Growth mixture modeling (GMM) with maximum likelihood estimation was used to identify latent classes (i.e. subgroups of patients) based on their distinct levels of interference of pain with walking—from before TKA until 12 months after. GMM allows for the estimation of more than 1 growth curve, for previously unidentified subgroups that change differently over time. A growth curve can be defined by an intercept and one or more slope coefficients. The intercept represents the estimated mean of pain-related interference with walking on the day before surgery for each class. The slope(s) represent(s) the estimated amount of change, per unit of time, in pain-related interference with walking over the 12 months after surgery.

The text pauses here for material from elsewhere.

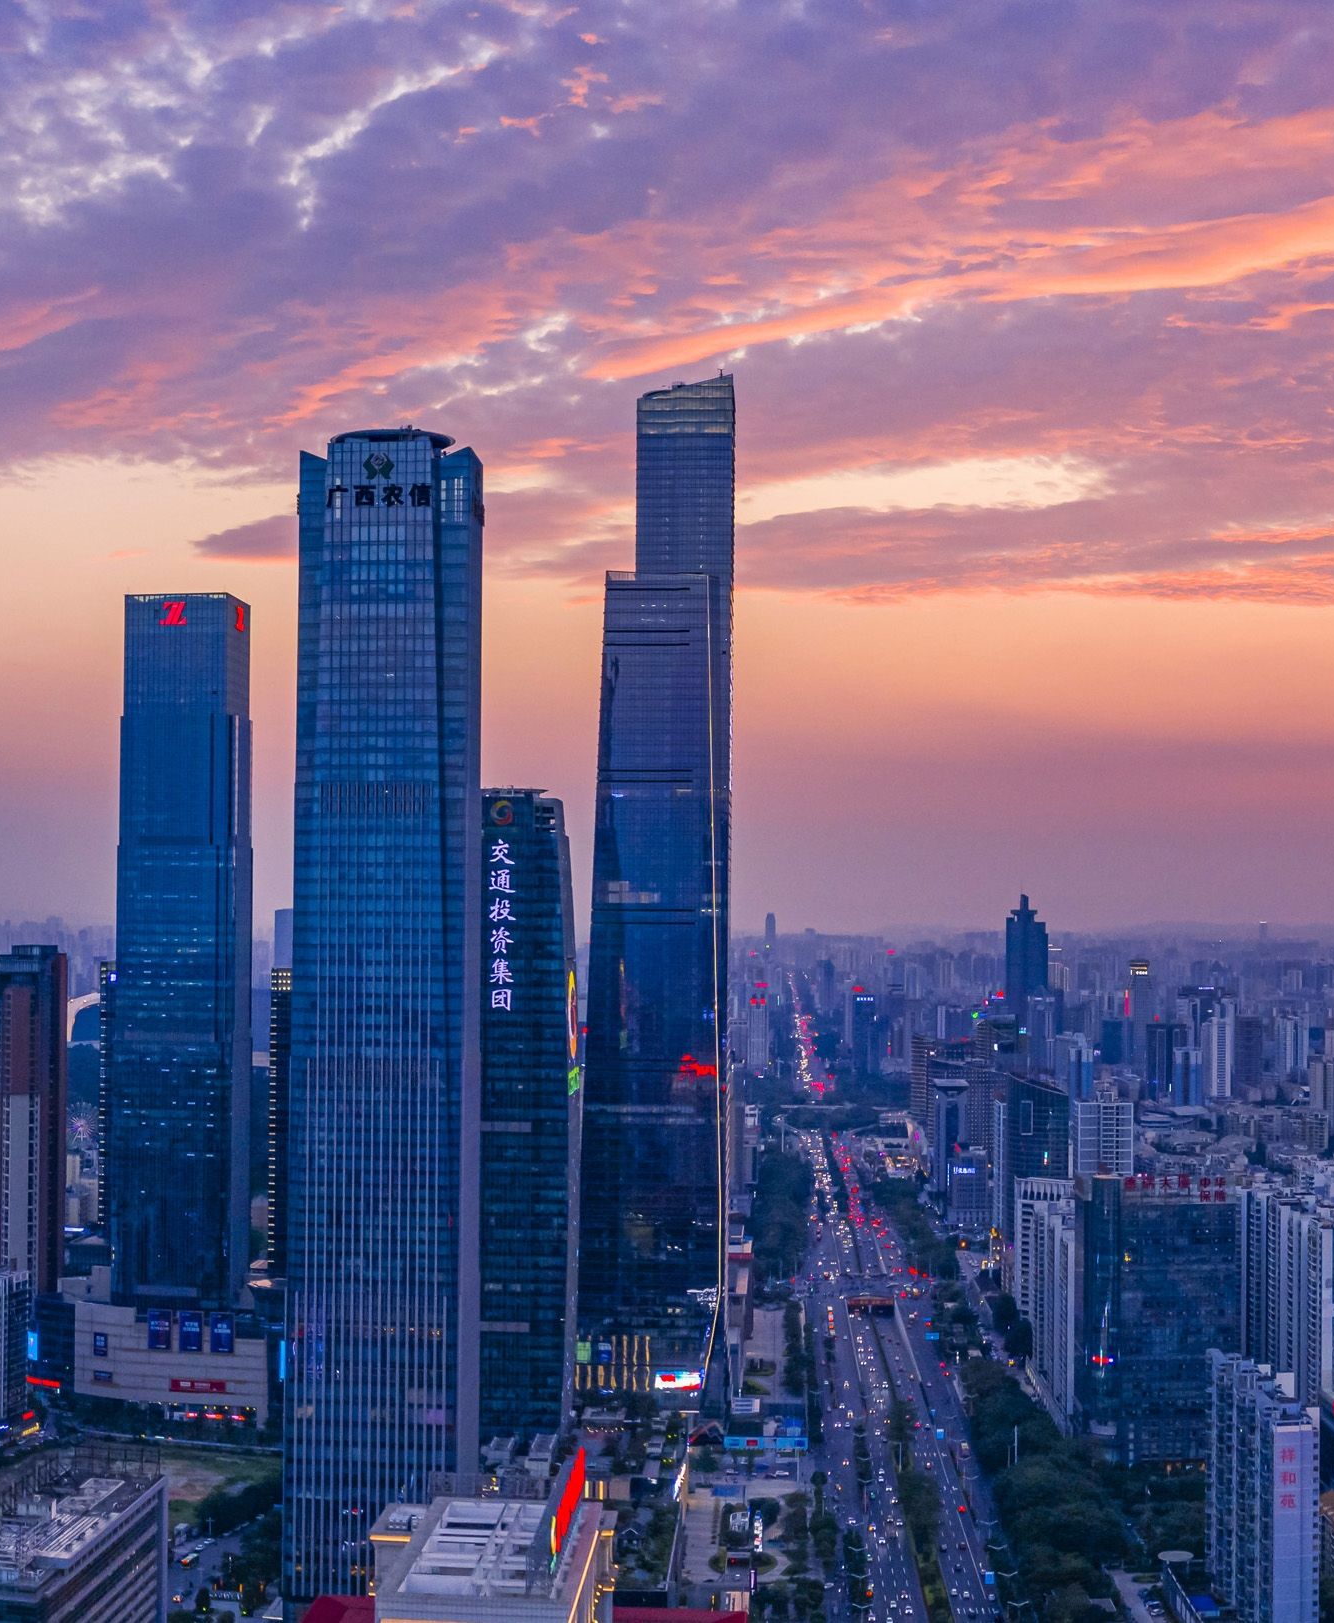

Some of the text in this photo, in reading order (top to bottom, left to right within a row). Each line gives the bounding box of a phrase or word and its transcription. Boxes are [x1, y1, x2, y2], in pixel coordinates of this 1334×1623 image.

[326, 483, 432, 508] 广西农信
[488, 838, 517, 1011] 交通投资集团
[1279, 1446, 1297, 1509] 祥和苑

Because the change over time had both a statistically significant linear component and quadratic component, we estimated coefficients for the intercept, a linear slope, and a quadratic slope for time coded in weeks. A single growth curve representing the mean change trajectory was estimated. Competing models with different numbers of latent classes were compared statistically to determine whether they provided a better model fit over the previous model. A lower Bayesian information criterion (BIC) and a statistically significant Vuong-Lo-Mendell-Rubin (VLMR) likelihood test suggest a better model fit (Nylund et al. 2007, Jung and Wickrama 2008). Finally, visual inspection of plots of predicted values against observed values was performed. Any p-value of <0.05 was considered statistically significant.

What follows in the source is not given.